Work task:
Give the records below again, exactly as they appear.

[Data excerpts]

· · ·

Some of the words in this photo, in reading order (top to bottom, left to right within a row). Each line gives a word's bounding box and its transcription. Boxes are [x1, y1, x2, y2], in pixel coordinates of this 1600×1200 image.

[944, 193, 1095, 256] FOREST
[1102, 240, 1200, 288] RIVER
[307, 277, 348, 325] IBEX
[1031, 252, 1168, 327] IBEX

· · ·

Task response:
Some of the words in this photo, in reading order (top to bottom, left to right within a row). Each line gives a word's bounding box and its transcription. Boxes are [x1, y1, x2, y2], in pixel coordinates of this 1600×1200 image.

[944, 193, 1095, 256] FOREST
[1102, 240, 1200, 288] RIVER
[307, 277, 348, 325] IBEX
[1031, 252, 1168, 327] IBEX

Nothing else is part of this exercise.